• [What to produce]
Everything in the listing below must be reproduced exactly, apart from its images.

• [Data]

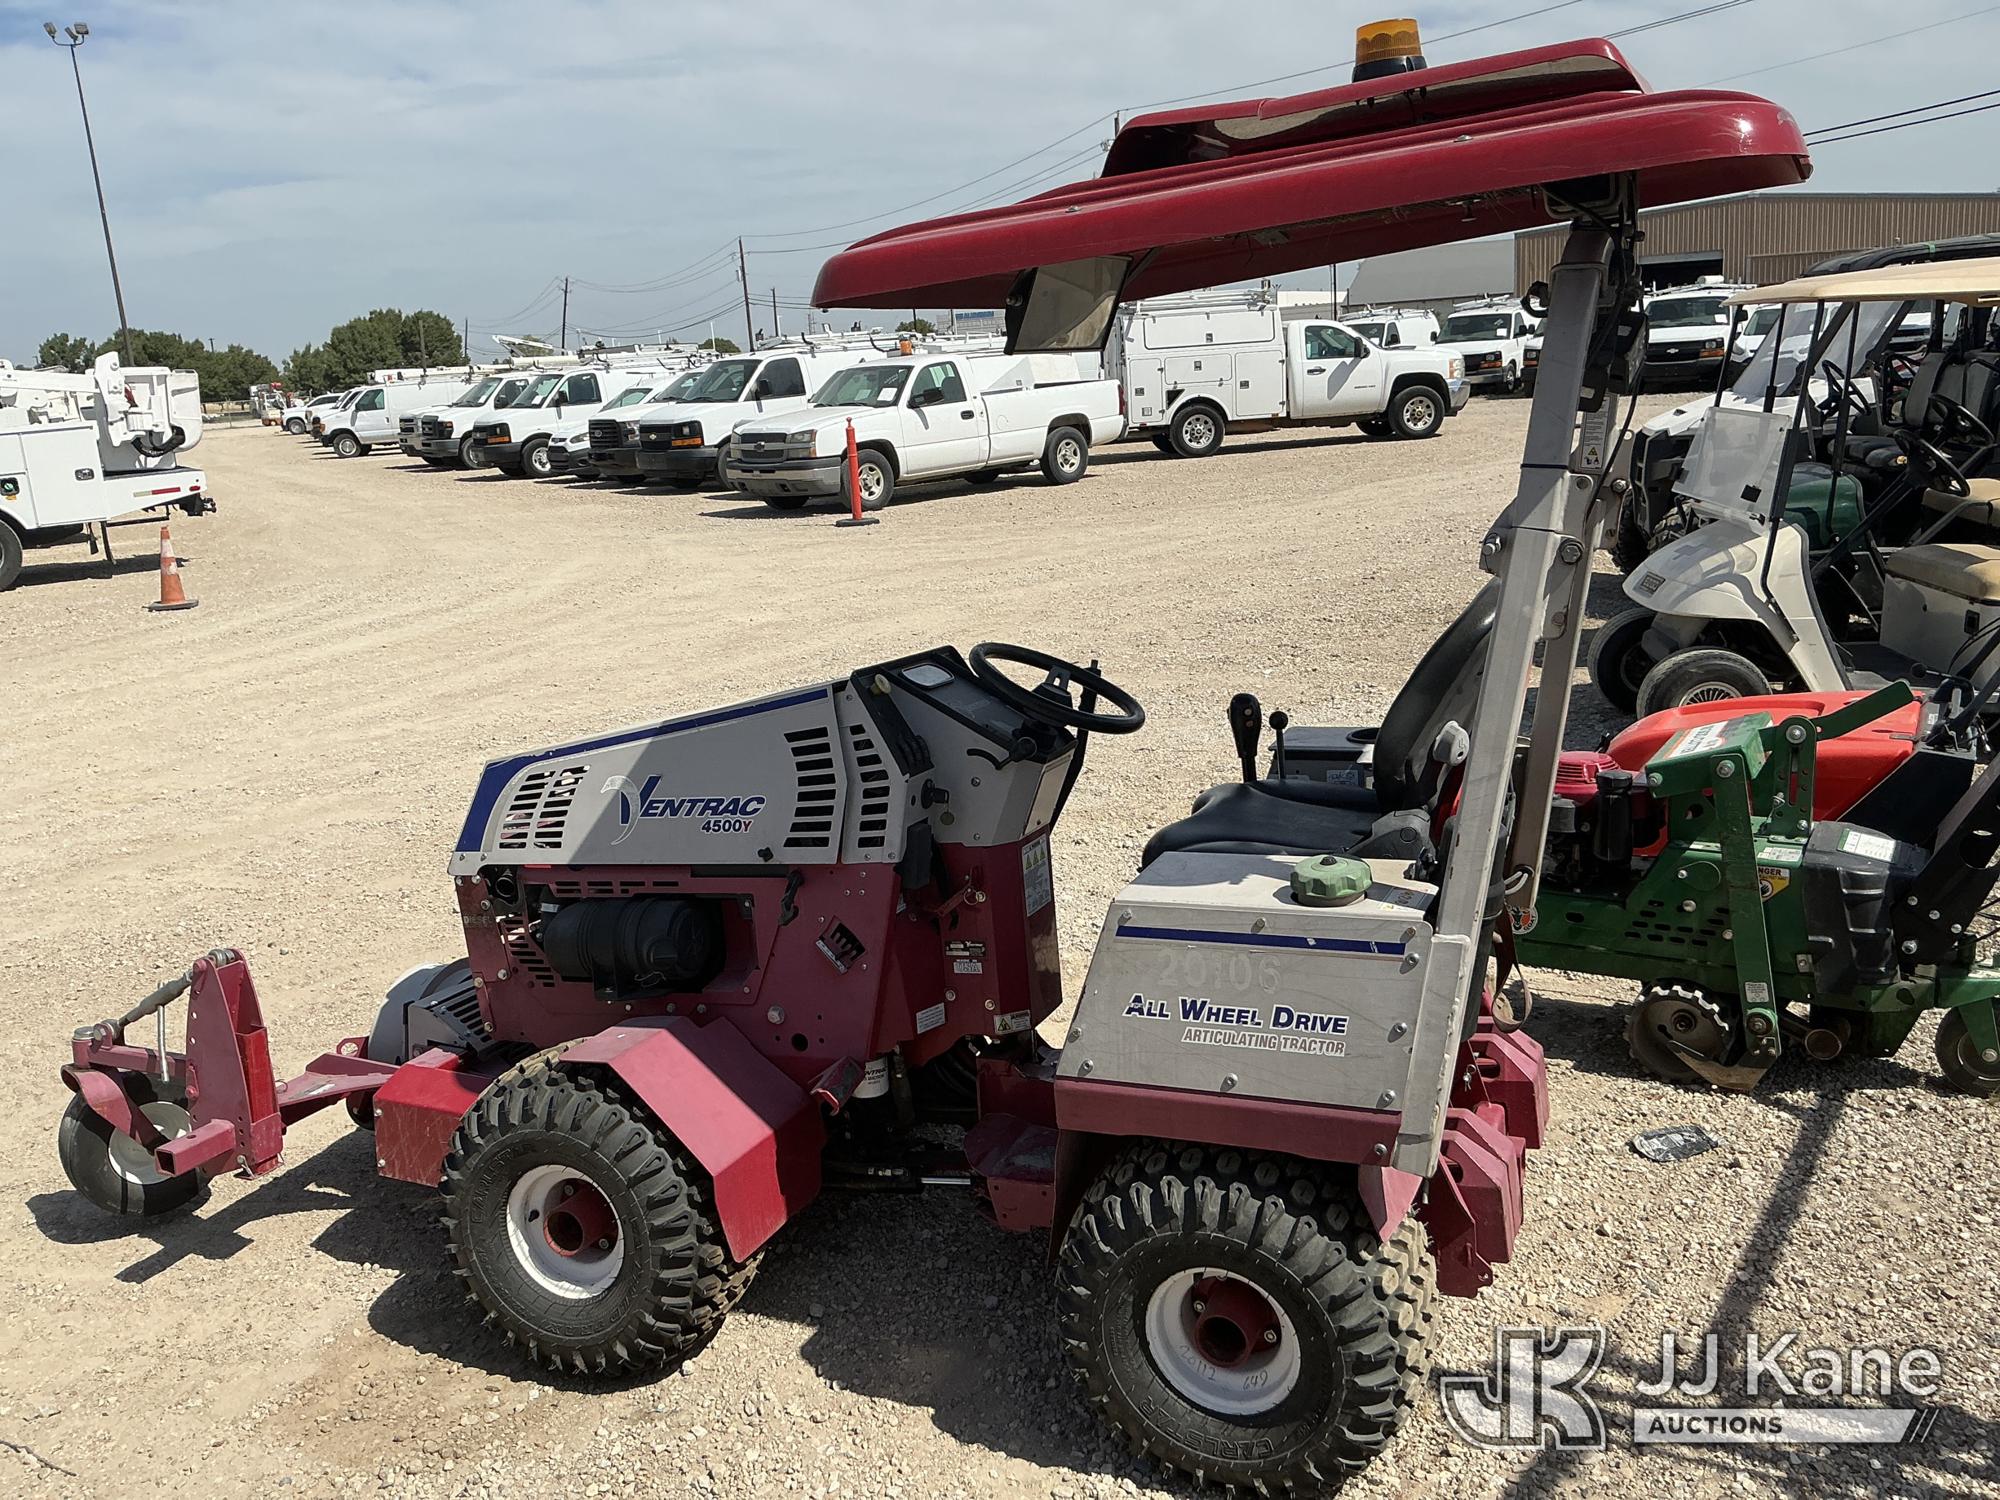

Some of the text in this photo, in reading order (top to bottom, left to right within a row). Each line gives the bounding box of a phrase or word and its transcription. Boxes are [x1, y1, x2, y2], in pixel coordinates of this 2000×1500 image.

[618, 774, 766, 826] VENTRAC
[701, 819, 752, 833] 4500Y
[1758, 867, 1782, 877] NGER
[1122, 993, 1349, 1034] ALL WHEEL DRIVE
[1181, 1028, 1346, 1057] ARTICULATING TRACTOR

• [Result for this task]
Some of the text in this photo, in reading order (top to bottom, left to right within a row). Each line gives the bounding box of a phrase or word and its transcription. Boxes are [x1, y1, x2, y2], in pixel coordinates of this 2000×1500 image.

[618, 774, 766, 826] VENTRAC
[701, 819, 752, 833] 4500Y
[1758, 867, 1782, 877] NGER
[1122, 993, 1349, 1034] ALL WHEEL DRIVE
[1181, 1028, 1346, 1057] ARTICULATING TRACTOR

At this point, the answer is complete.